Study material START

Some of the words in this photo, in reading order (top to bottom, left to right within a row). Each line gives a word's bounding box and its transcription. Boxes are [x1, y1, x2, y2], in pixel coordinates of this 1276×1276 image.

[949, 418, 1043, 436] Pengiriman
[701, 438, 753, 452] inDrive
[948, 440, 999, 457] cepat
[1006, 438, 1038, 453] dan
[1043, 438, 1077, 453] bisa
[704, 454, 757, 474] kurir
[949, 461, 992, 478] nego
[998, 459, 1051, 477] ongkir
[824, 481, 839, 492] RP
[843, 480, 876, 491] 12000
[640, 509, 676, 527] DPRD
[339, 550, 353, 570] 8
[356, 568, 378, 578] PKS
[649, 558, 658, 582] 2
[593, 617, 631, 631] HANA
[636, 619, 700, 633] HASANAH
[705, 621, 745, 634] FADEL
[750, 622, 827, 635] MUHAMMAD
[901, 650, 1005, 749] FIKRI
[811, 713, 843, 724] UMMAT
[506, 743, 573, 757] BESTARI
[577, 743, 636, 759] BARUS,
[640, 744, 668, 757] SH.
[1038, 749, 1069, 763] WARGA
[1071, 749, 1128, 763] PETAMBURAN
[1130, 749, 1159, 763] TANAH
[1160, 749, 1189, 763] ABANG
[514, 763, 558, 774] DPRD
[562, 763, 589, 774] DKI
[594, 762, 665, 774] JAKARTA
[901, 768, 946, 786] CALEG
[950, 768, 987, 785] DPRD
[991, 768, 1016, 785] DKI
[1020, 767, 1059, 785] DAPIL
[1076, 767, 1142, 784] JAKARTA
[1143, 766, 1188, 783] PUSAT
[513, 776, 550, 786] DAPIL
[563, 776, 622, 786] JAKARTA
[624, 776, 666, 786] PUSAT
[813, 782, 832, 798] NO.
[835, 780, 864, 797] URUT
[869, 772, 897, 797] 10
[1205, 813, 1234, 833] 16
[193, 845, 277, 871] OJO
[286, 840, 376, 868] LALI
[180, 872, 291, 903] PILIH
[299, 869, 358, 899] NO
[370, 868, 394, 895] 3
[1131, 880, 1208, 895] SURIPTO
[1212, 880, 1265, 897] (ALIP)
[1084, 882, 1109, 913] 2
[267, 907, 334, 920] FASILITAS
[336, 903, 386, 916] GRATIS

Study material END

--- Prompt ---
All records must be repeated exactly, with none skipped.

--- Answer box ---
Some of the words in this photo, in reading order (top to bottom, left to right within a row). Each line gives a word's bounding box and its transcription. Boxes are [x1, y1, x2, y2], in pixel coordinates of this 1276×1276 image.

[949, 418, 1043, 436] Pengiriman
[701, 438, 753, 452] inDrive
[948, 440, 999, 457] cepat
[1006, 438, 1038, 453] dan
[1043, 438, 1077, 453] bisa
[704, 454, 757, 474] kurir
[949, 461, 992, 478] nego
[998, 459, 1051, 477] ongkir
[824, 481, 839, 492] RP
[843, 480, 876, 491] 12000
[640, 509, 676, 527] DPRD
[339, 550, 353, 570] 8
[356, 568, 378, 578] PKS
[649, 558, 658, 582] 2
[593, 617, 631, 631] HANA
[636, 619, 700, 633] HASANAH
[705, 621, 745, 634] FADEL
[750, 622, 827, 635] MUHAMMAD
[901, 650, 1005, 749] FIKRI
[811, 713, 843, 724] UMMAT
[506, 743, 573, 757] BESTARI
[577, 743, 636, 759] BARUS,
[640, 744, 668, 757] SH.
[1038, 749, 1069, 763] WARGA
[1071, 749, 1128, 763] PETAMBURAN
[1130, 749, 1159, 763] TANAH
[1160, 749, 1189, 763] ABANG
[514, 763, 558, 774] DPRD
[562, 763, 589, 774] DKI
[594, 762, 665, 774] JAKARTA
[901, 768, 946, 786] CALEG
[950, 768, 987, 785] DPRD
[991, 768, 1016, 785] DKI
[1020, 767, 1059, 785] DAPIL
[1076, 767, 1142, 784] JAKARTA
[1143, 766, 1188, 783] PUSAT
[513, 776, 550, 786] DAPIL
[563, 776, 622, 786] JAKARTA
[624, 776, 666, 786] PUSAT
[813, 782, 832, 798] NO.
[835, 780, 864, 797] URUT
[869, 772, 897, 797] 10
[1205, 813, 1234, 833] 16
[193, 845, 277, 871] OJO
[286, 840, 376, 868] LALI
[180, 872, 291, 903] PILIH
[299, 869, 358, 899] NO
[370, 868, 394, 895] 3
[1131, 880, 1208, 895] SURIPTO
[1212, 880, 1265, 897] (ALIP)
[1084, 882, 1109, 913] 2
[267, 907, 334, 920] FASILITAS
[336, 903, 386, 916] GRATIS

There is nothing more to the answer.